Introduction to the Special Section

This Special Section of the International Journal of Neuropsychopharmacology presents papers which review the current status of the relationship between the inflammatory response system (IRS) and major 'endogenous' and 'organic' (due to a medical condition) depression. Studies published over the last 11 years and reviewed in this Special Section begin to test the necessary conditions which are needed to accept the hypothesis that an activation of the IRS is involved in the pathophysiology and aetiology of 'endogenous' and 'organic' depression. This hypothesis suggests that some types of 'endogenous' and 'organic' depression may be related to IRS activation, such as an increased production of pro-inflammatory cytokines, such as interleukin-1beta (IL-1beta), IL-6, tumour necrosis factor-alpha (TNF-alpha) and interferon-gamma (IFN)-gamma.
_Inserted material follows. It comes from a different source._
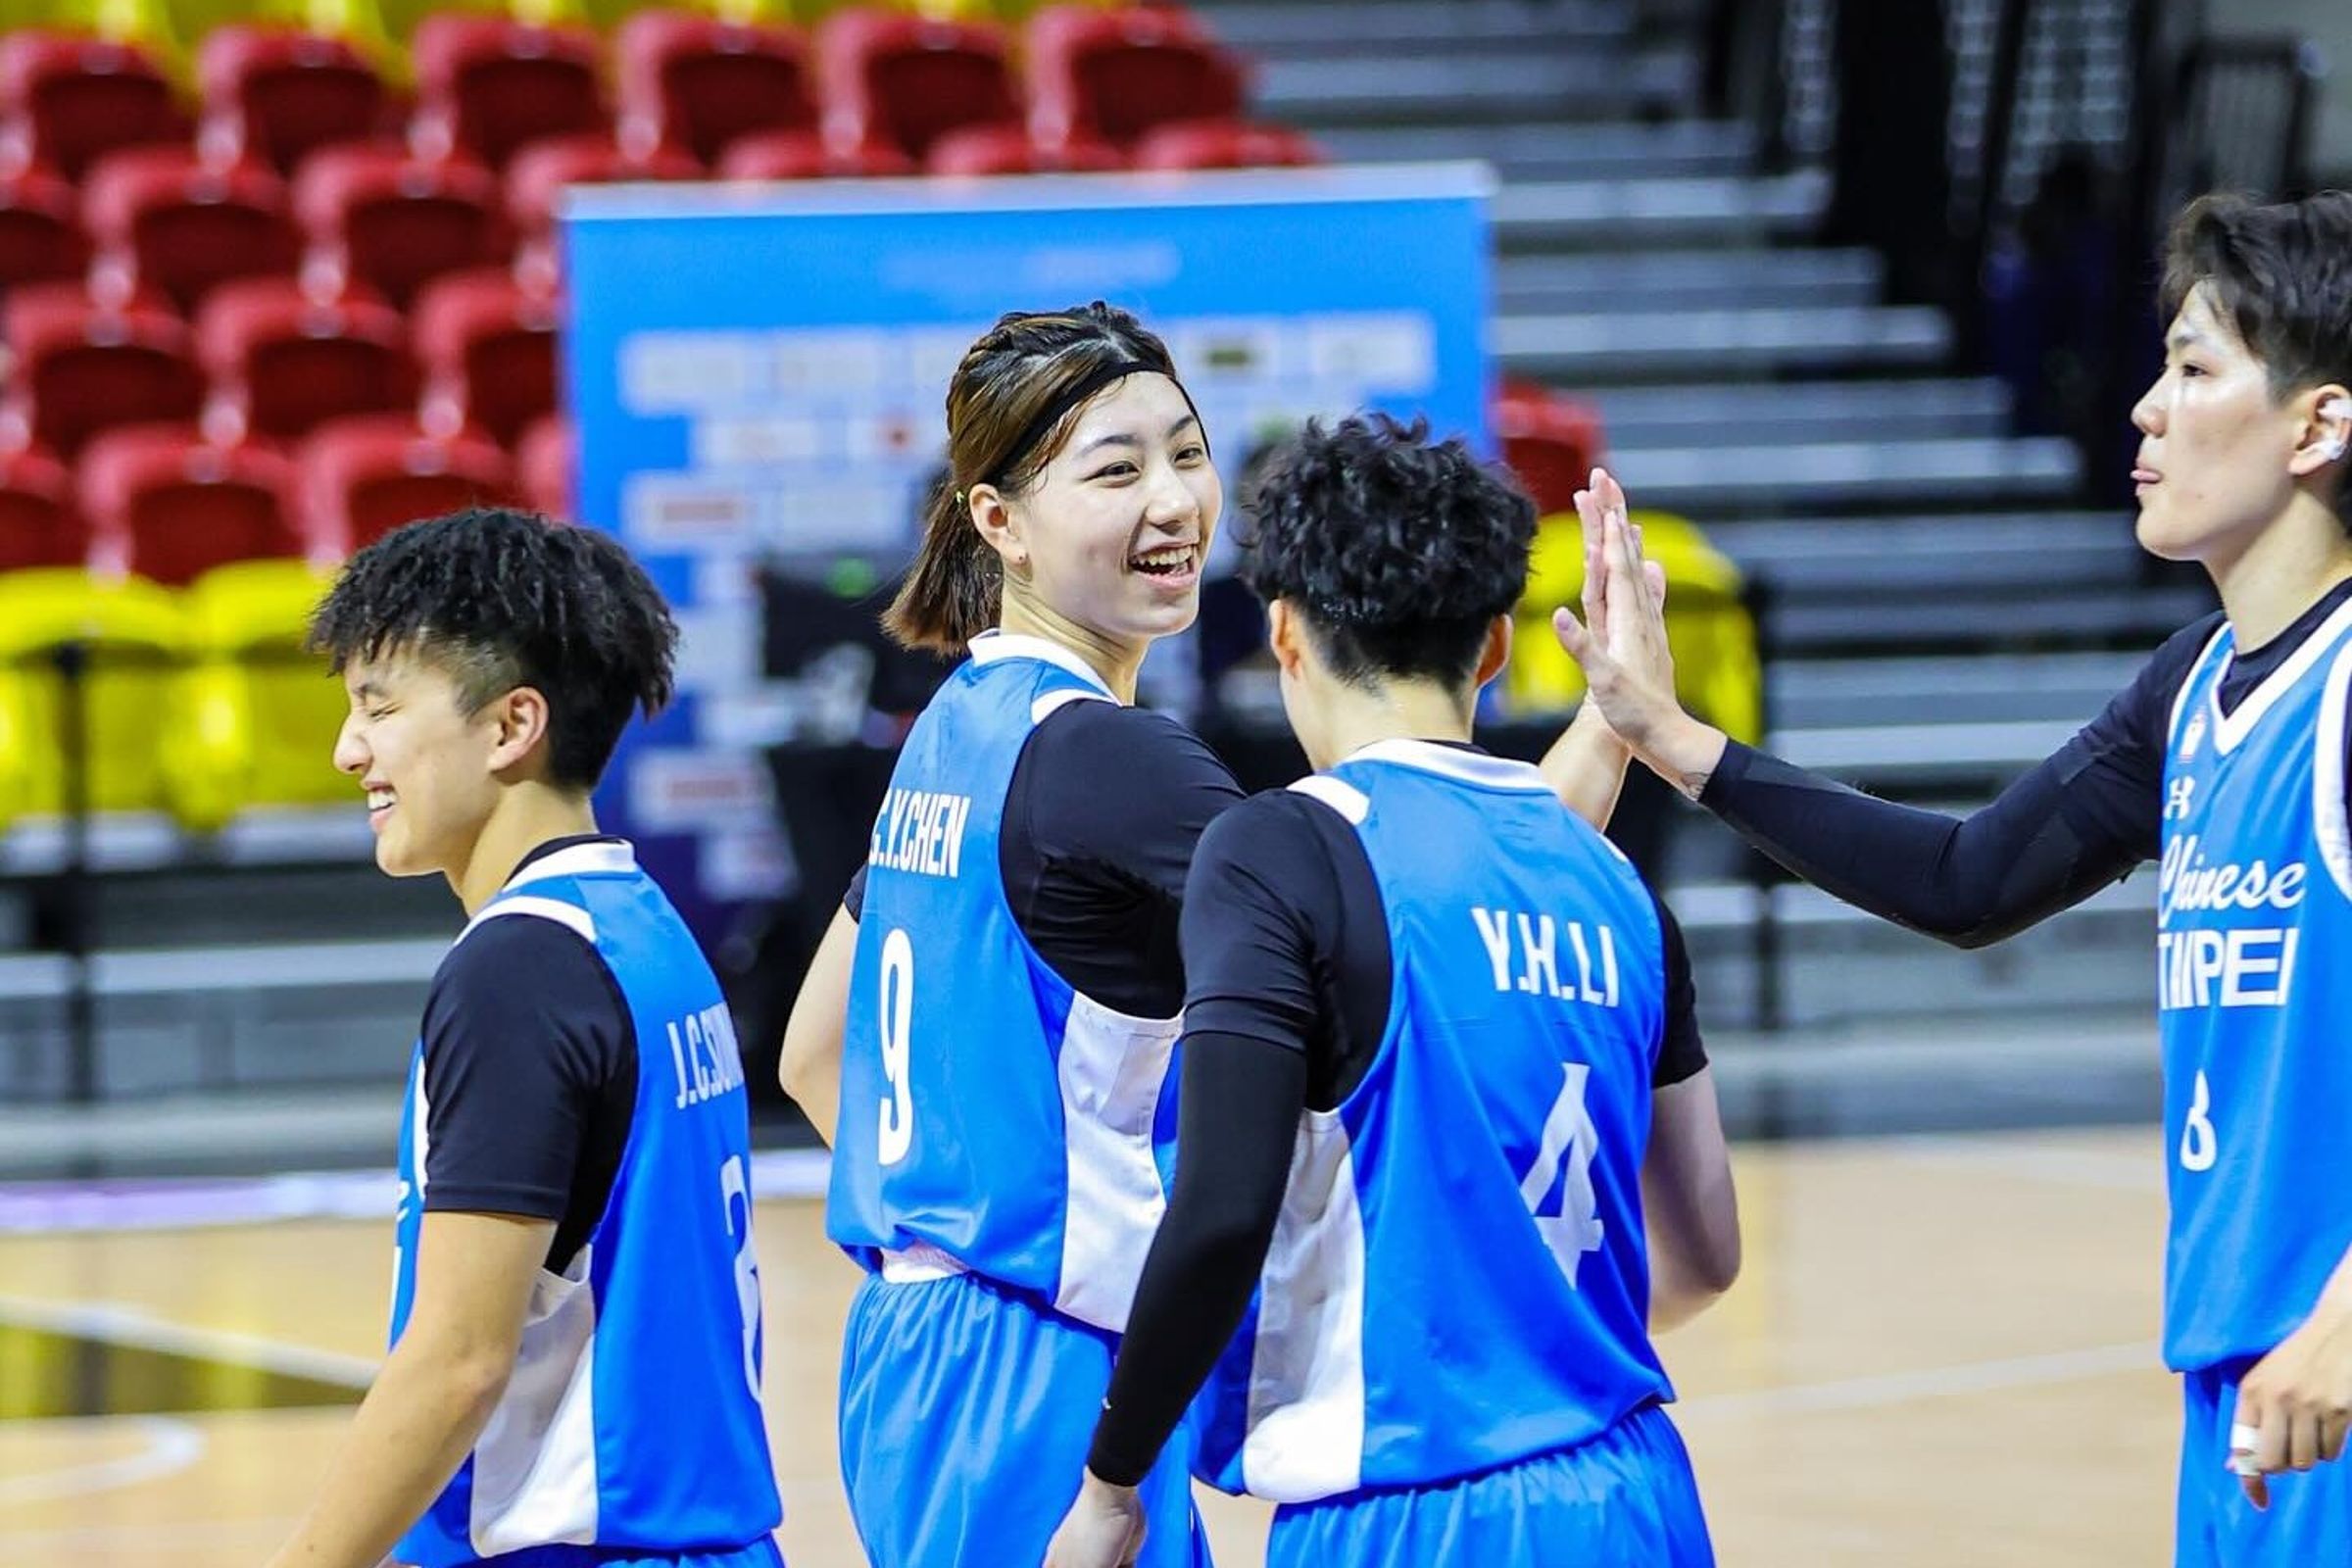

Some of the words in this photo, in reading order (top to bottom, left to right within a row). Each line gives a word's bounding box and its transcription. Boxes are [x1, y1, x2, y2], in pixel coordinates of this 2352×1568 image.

[879, 928, 914, 1166] 9
[1472, 907, 1620, 1008] Y.H.LI
[1519, 1061, 1604, 1292] 4
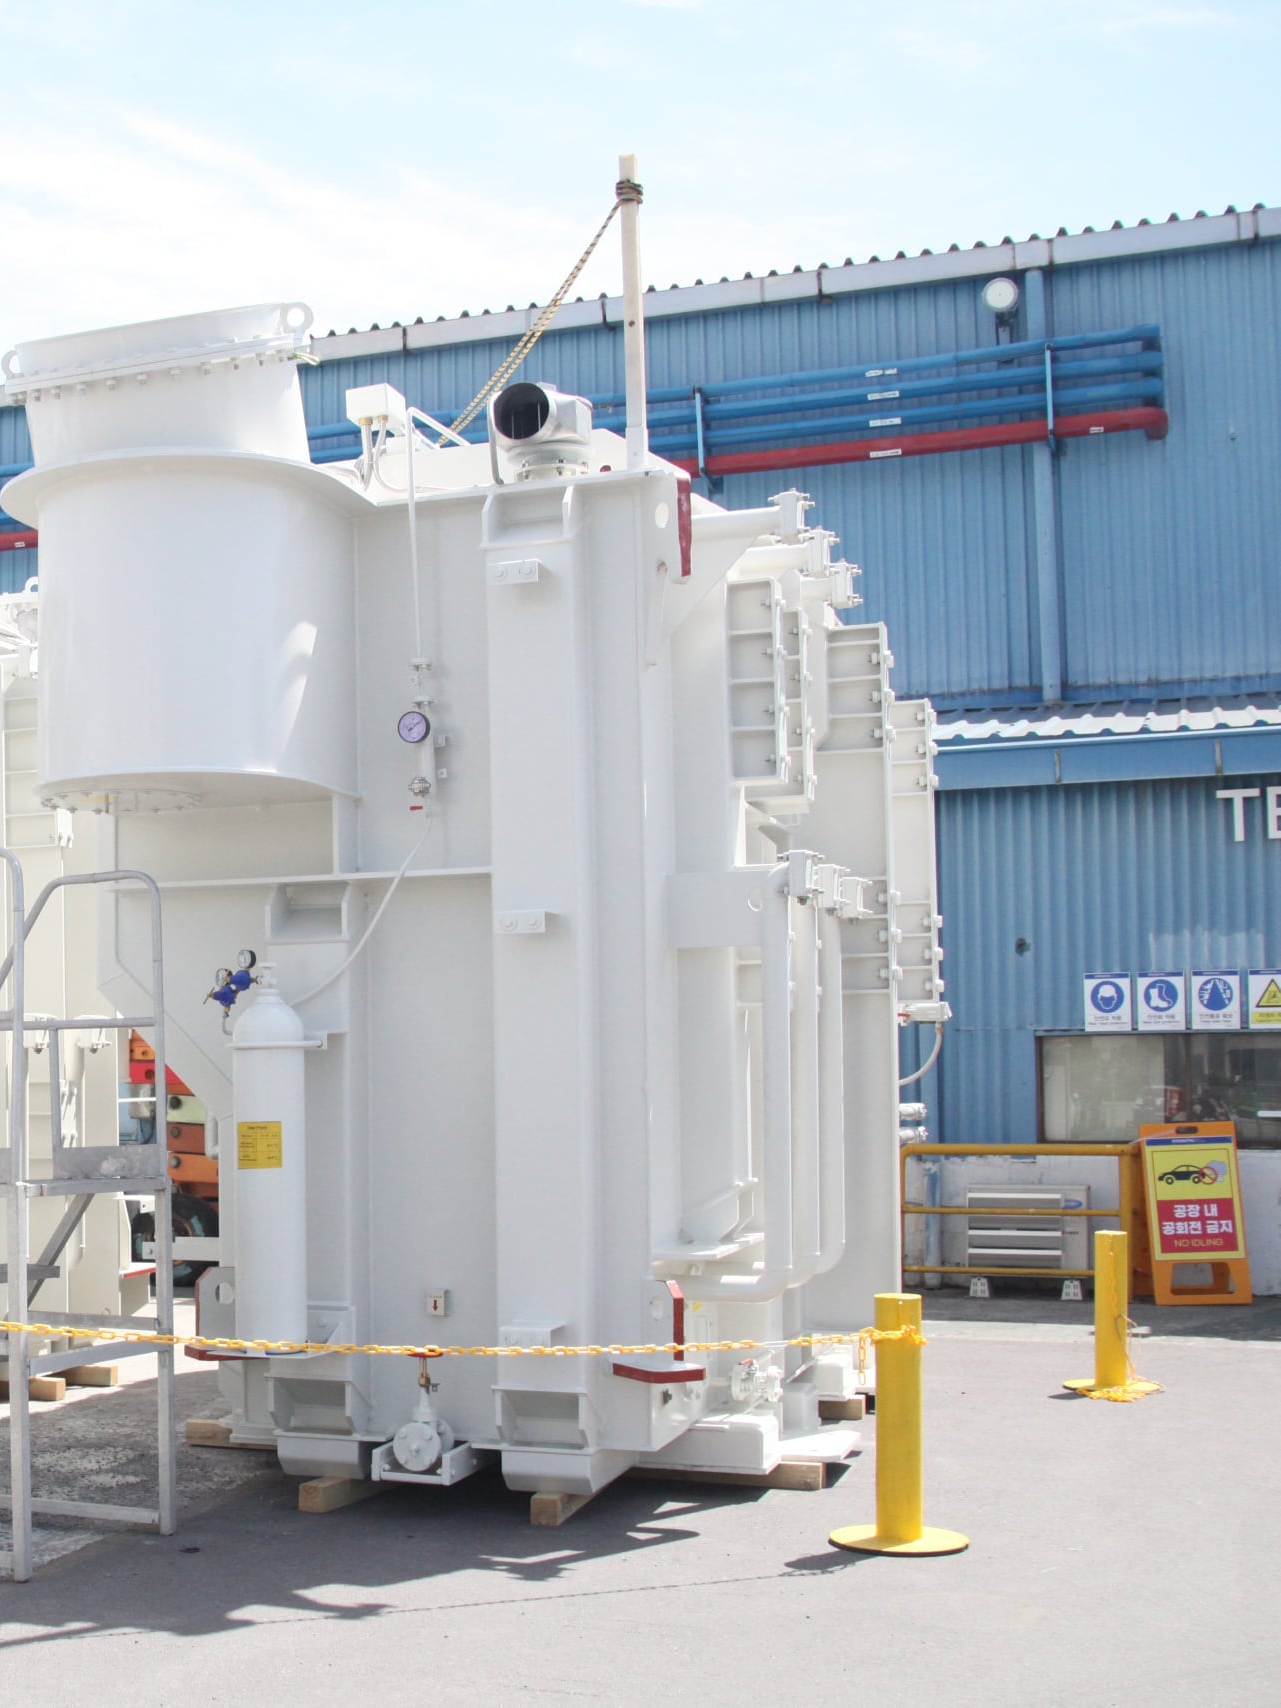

These cytokines are stress-sensitive, may cause depression, they have specific effects on brain systems involved in the pathogenesis of major depression, such as the serotonergic system and the hypothalamic-pituitary-adrenal (HPA) axis, and their production may be suppressed by antidepressants. Future research should examine whether anti-inflammatory drugs are effective in the treatment of depression and whether naturally occurring variants of the 'IRS' genes confer susceptibility to the development of the depressive phenotype through altered function of the respective gene products.